December 19th, 2008 by Cobwebs

Calla LiliesI’ve been meaning to do the occasional post about goth gardening for a while now but keep getting distracted by shiny objects. I’m finally ready, so let’s all ignore the fact that I’m talking about gardening in the dead of winter. (Readers in the Southern Hemisphere, this one’s for you.)

Despite the very real danger of winding up with a tan, gardening is a rewarding hobby and offers an excellent opportunity to extend your personality to the outside of your home. With a little effort, anything from a proper Victorian front garden to a Goreyesque my-yard-eats-the-occasional-passerby vibe can be achieved.

Incidentally, even if you don’t have a yard you can still indulge in a little gardening: Many plants are perfectly happy living in pots. I particularly like using strawberry jars for container gardening, putting a different plant in each pocket. HGTV has instructions for planting and caring for a strawberry-jar garden, if you aren’t sure how to proceed. If you have absolutely no access to the outside, you can grow plants in a sunny window or in a terrarium. Here’s a short primer on setting up a simple terrarium.

If you’re new to gardening (or if you have a black thumb), herbs are a good choice for a starter garden. They tend to be fairly hardy and resistant to drought and disease, plus you can use them for cooking or crafts. They’re also lovely landscaping plants if you have the room: They come in a variety of colors, so it’s possible to put together, say, an all-silver herb planting.

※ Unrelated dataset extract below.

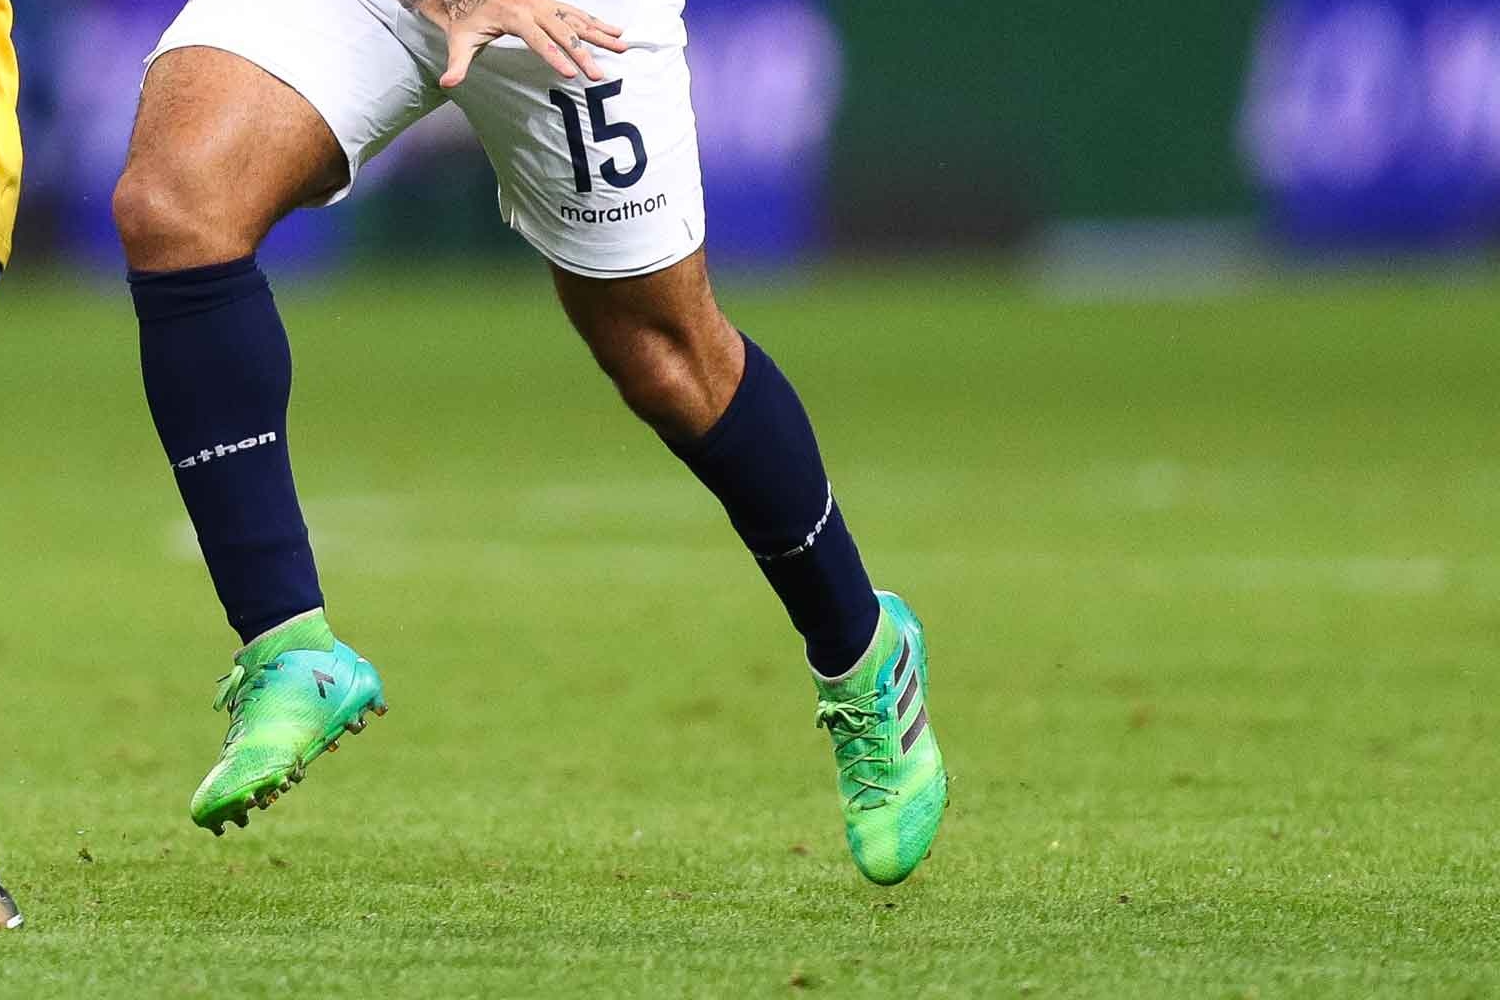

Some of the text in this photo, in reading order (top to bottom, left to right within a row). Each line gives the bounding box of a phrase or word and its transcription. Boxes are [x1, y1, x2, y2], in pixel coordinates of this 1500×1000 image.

[549, 78, 648, 193] 15
[561, 193, 667, 223] marathon
[171, 431, 277, 468] athon

You can grow a selection of herbs for culinary use (rosemary, sage, basil, dill, mint, tarragon, parsley, chives, thyme), for herbal teas (peppermint, lemon verbena, chamomile, lemon balm, spearmint, lemongrass, sweet woodruff), beauty products (lavender, mugwort, wormwood, tea roses, marigolds), or natural dyes (alkanet, bloodroot, clematis, coreopsis, lady’s bedstraw, yarrow).

It’s also easy to grow an abundance of herbs for projects like wreaths or sachets, it’s much much cheaper than purchasing the same quantity of material, and the quality is almost always better, to boot.

You can go also darker. Before Shadowboy came along I had a poison garden featuring henbane, monkshood, deadly nightshade, wolfsbane, belladonna, and many others (Richters Herbs carries an extensive selection). These plants tend to like shady, damp conditions, so my little garden was a perfect fit for an area where sun-loving plants wouldn’t grow. (Obviously, if you have small children or pets that are likely to eat stuff at random, a similar garden would be a Very Bad Idea.)

If herbs aren’t really your thing, consider a theme garden. As the name suggests, these are gardens devoted to a particular subject (one popular choice is a selection of plants mentioned in Shakespeare’s works). You can choose any theme that strikes your fancy: Traditional witches’ plants, plants with “blood” in their name (bloodroot, bleeding heart, blood lily), or plants reputed to attract fairies (bluebells, forget-me-not, jasmine, white lotus).

There’s no reason why “spooky” should stay inside the house. Slather on the sunblock, grab a trowel, and let your darker side out to play.